The Oppo N1 made use of a manual flip camera. Asus, in the Zenfone 6, Zenfone 7 and Zenfone 8 Flip smartphones, includes an all-screen front, eliminating the dedicated front-facing camera notch; instead, the main cameras are housed in a motorized flip-up module that rotates 180 degrees to focus forward. The Samsung Galaxy A80 also has a similar flip-slide camera mechanism.

Slider
A slider is composed of usually two, but sometimes more, sections that slide past each other on rails. Most slider phones have a display segment which houses the device's screen, while another segment contains the keypad or keyboard and slides out for use. The goal of a sliding form factor is to allow the operator to take advantage of full physical keyboards or keypads, without sacrificing portability, by retracting them into the phone when they are not in use. Many different companies have developed smartphones that slide: Samsung has the Corby and BlackBerry has the Torch.

The Siemens SL10 was one of the first slider smartphones in 1999. Some phones have an automatic slider built in that deploys the keypad. Many phones pop out their keypad segments as soon as the user begins to slide the phone apart. Unique models are the 2-way slider where sliding up or down provides distinct functions: the Nokia N85 or Nokia N95 are examples of this.

A version of the slider form factor, the side slider or QWERTY slider, uses vertical access of the keyboard on the bottom segment. The side slider form factor is primarily used to facilitate faster access to the keyboard with both thumbs. The Motorola Photon Q, Danger Hiptop, Sony Mylo, and HTC Touch Pro are four primary examples.

Some unusual sliders have also been made, such as the Nokia 7280 modeled like lipstick, Samsung SGH-F520 from 2007 which slides three ways with a QWERTY keyboard, and the Samsung Anycall SCH-B550; which is a gaming phone.

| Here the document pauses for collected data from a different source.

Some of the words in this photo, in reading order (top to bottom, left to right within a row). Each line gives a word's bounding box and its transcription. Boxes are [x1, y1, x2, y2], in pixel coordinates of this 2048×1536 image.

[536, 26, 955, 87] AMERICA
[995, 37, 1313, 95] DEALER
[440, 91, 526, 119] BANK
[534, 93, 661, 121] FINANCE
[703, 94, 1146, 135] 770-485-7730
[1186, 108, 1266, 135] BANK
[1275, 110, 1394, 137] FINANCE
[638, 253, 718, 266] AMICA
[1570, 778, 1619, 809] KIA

Sliders supplanted the flip form, since they allowed manufacturers to pack more keypad buttons and features (especially the side slider or QWERTY slider) into the same form factor, while touchscreen interfaces were still in their infancy. By the late-2000s, "slider" designs reached the peak of their popularity and declined afterward, being completely replaced by slate form factors with well-developed touch interfaces. In 2015, BlackBerry Limited (previously RIM) released the BlackBerry Priv, the first mainstream slider phone in several years (based on Android, not the Blackberry operating system they sold so far).

Nokia E7, released in 2011 and F(x)tec Pro 1, released in 2019 are notable examples of smartphone sliders as they bring out the keyboard from the side and tilt the display so they reminisce a laptop.

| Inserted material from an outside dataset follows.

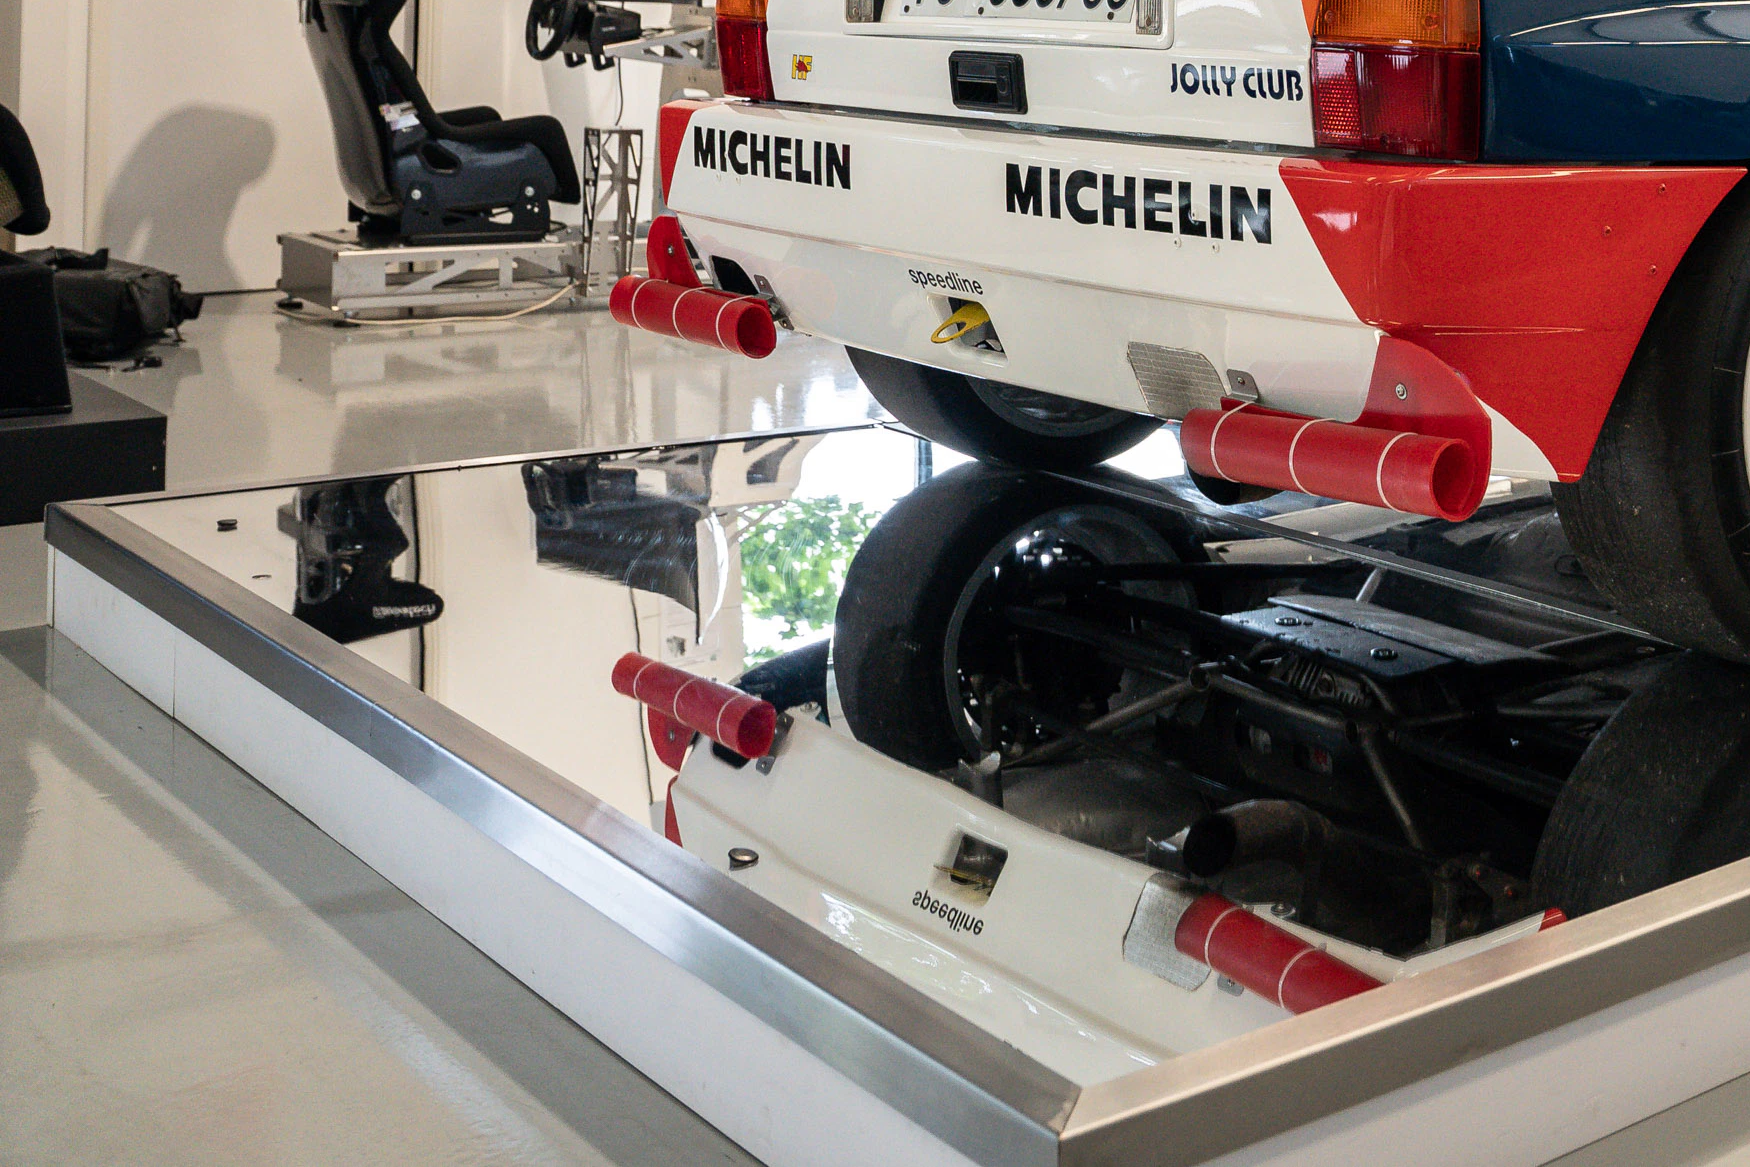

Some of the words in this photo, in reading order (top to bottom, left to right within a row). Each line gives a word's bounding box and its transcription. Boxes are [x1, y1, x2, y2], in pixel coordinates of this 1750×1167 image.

Today, manufacturers are trying to develop bezel-less smartphones; the greatest difficulty being the presence of front-facing cameras and face recognition sensors. While most brands expand display real-estate, some depart from that approach, returning to the slider form factor; like the Xiaomi Mi Mix 3, Huawei Honor Magic 2 and Lenovo Z5 Pro.

A variation of this design is the kick-slider, a slider with an extra hinge to conform to face like on Motorola Rizr Z8.

Pop up camera 
Phones like Oppo Find X and Vivo Nex hide front cameras within the body of the devices in motorized pop-up modules to create a bezelless front face fully occupied by screens without any cutout while keeping a front-facing camera that can up when required. Vivo V15 Pro  and Centric S1  also come with a pop-up front-facing camera mechanism.

Swivel
A swivel phone is composed of multiple—usually two—segments, which swivel past each other about a sagittal axis (most of the time). Use of the swiveling form factor has similar goals to that of the slider, but this form factor is less widely used. Samples are, LG U900 + 960 + V9000, Motorola Flipout + V70 + V80, Nokia 7370, Siemens SK65, Samsung Juke + Samsung SGH-X830, and Sony Ericsson S700i + W600. The LG Wing implemented this feature into a slate design smartphone, with two touchscreens.

Other examples include the Sierra Wireless Voq which combines a candybar with a keyboard "side-flip"; the Nokia Communicator series which utilise both a candybar and a clamshell with a QWERTY keyboard; or the Siemens SK65 which is a swivel candybar with a QWERTY keyboard.

Bezelless Samsung A80 only has rear cameras that are housed in a motorized module, using a combination of slider and swivel they achieve the rotation to the front to be used for selfies.

No sagital axis
Some implementations, that do not use the sagital axis, are presenting in phones like Nokia 3250 and Oppo N1, with twistable components: a keyboard, and main camera (doubling as a selfie one), respectively.

Some mobile phones use more than one form, such as the Nokia N90, Nokia 6260, Philips 968, Sharp SX862, Samsung SGH-P910, Samsung FlipShot SCH-U900, Amoi 2560, Samsung Alias series or Panasonic FOMA P900iV, which use both a swivel and a flip axis.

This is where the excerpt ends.